== What the exercise asks ==
Start at the first line below and write out everything verbatim except the pictures.

== Information shown ==
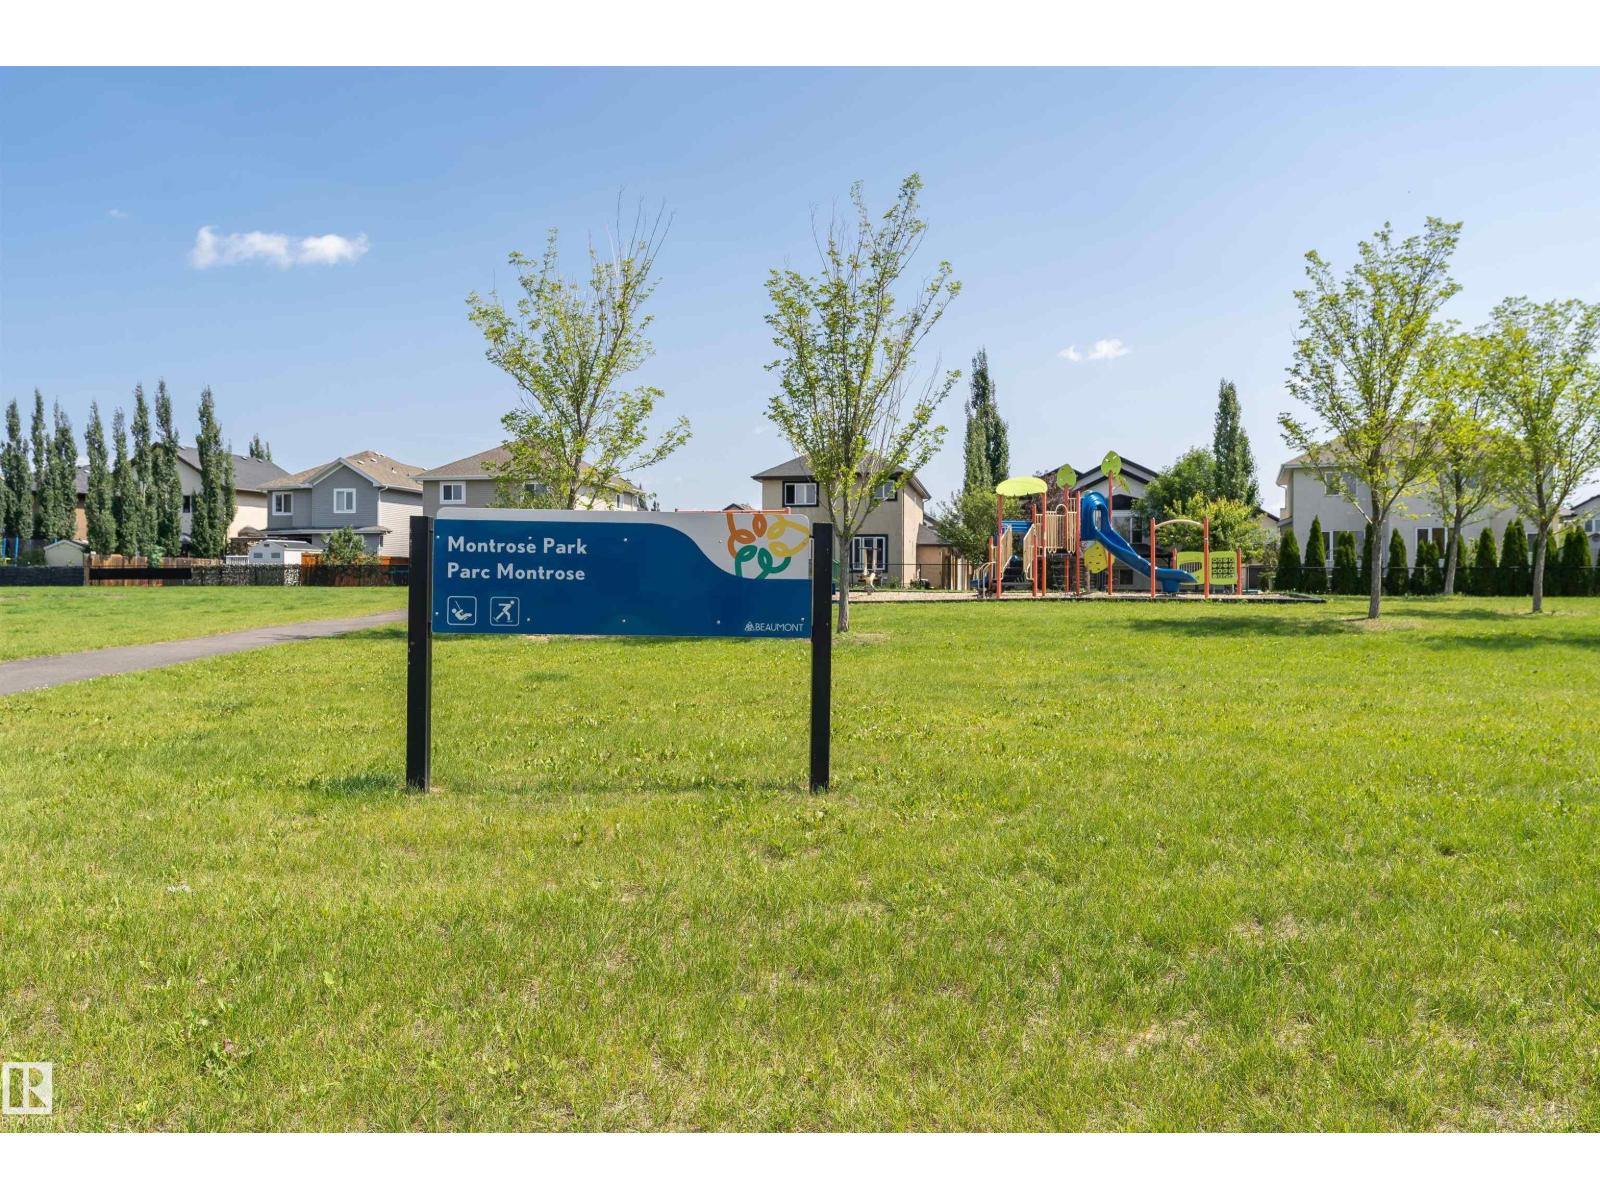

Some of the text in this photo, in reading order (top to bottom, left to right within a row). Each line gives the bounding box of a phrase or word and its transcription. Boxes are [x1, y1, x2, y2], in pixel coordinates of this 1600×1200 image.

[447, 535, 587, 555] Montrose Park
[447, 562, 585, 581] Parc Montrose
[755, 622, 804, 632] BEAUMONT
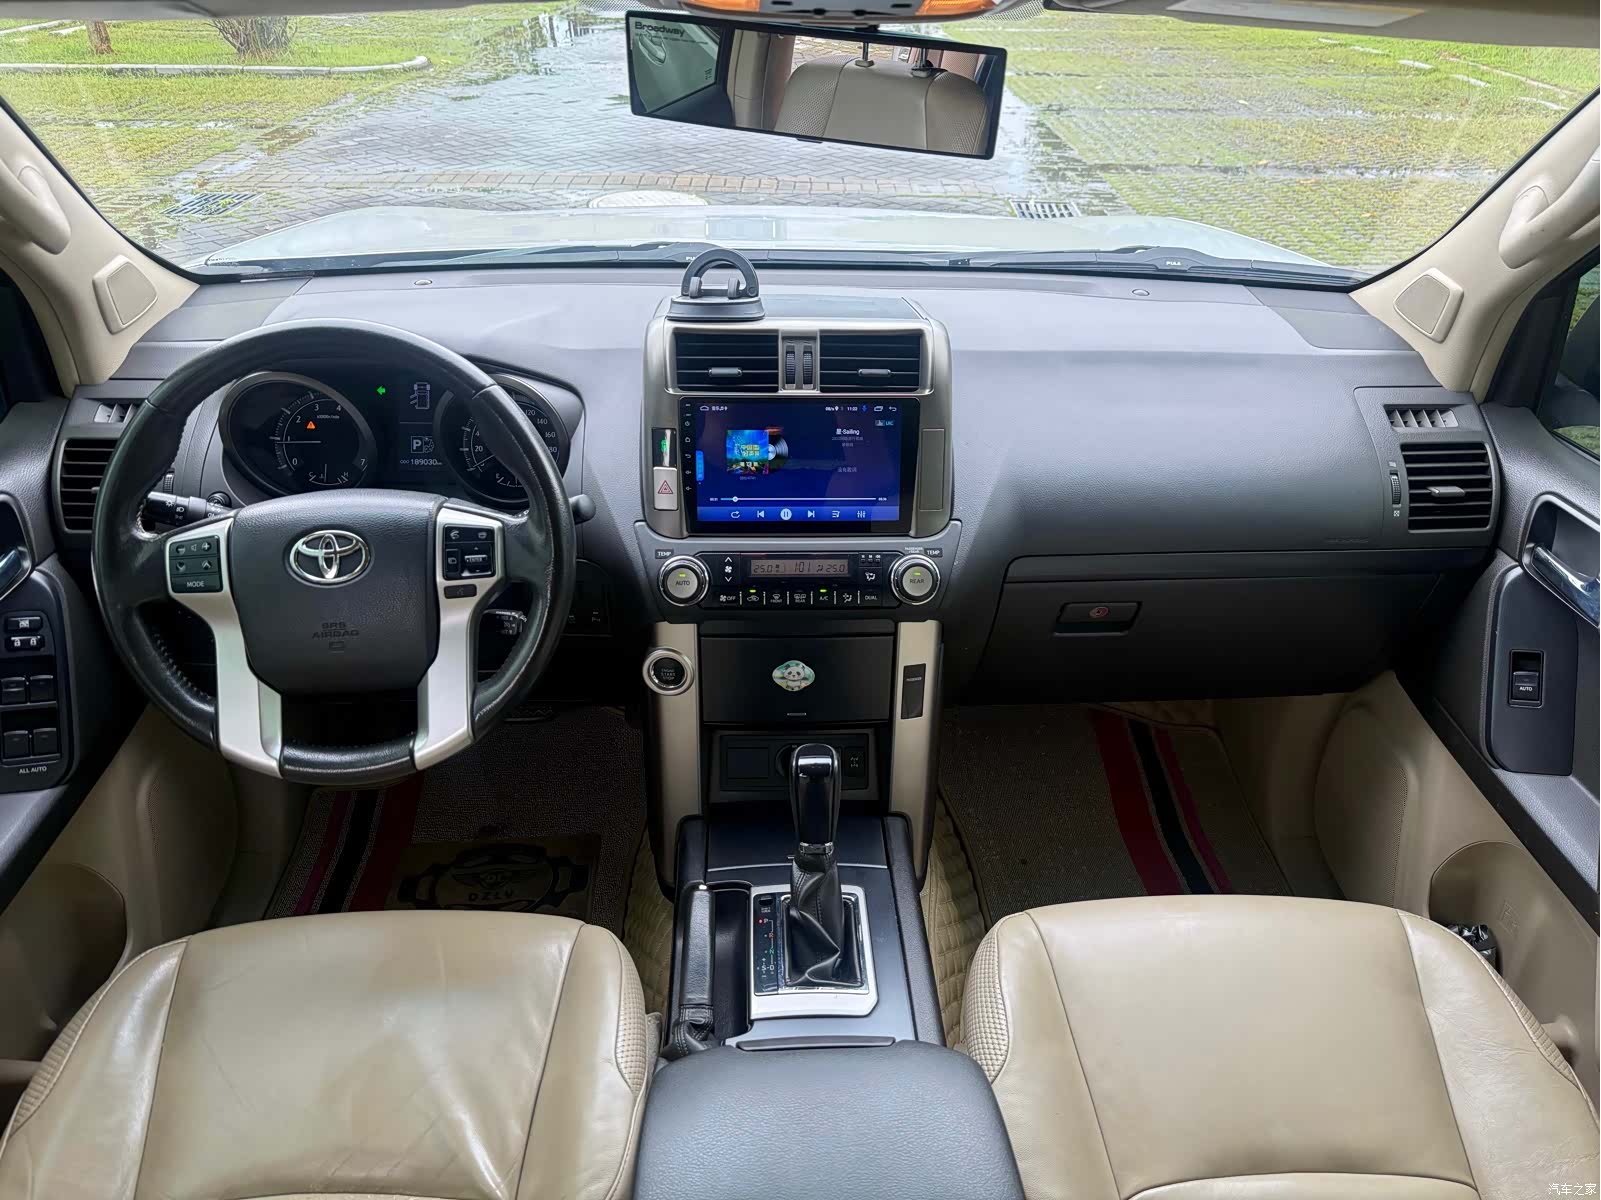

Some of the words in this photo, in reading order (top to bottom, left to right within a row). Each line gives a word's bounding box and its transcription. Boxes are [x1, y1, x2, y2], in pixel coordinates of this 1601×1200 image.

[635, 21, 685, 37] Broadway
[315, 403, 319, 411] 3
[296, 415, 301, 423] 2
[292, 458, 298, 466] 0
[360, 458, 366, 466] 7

== Exercise solution ==
Some of the text in this photo, in reading order (top to bottom, left to right within a row). Each line gives the bounding box of a phrase or word and its transcription. Boxes are [x1, y1, x2, y2], in pixel coordinates of this 1600×1200 image.

[447, 535, 587, 555] Montrose Park
[447, 562, 585, 581] Parc Montrose
[755, 622, 804, 632] BEAUMONT

Some of the words in this photo, in reading order (top to bottom, left to right within a row). Each line gives a word's bounding box and its transcription. Boxes are [x1, y1, x2, y2], in pixel coordinates of this 1601×1200 image.

[635, 21, 685, 37] Broadway
[315, 403, 319, 411] 3
[296, 415, 301, 423] 2
[292, 458, 298, 466] 0
[360, 458, 366, 466] 7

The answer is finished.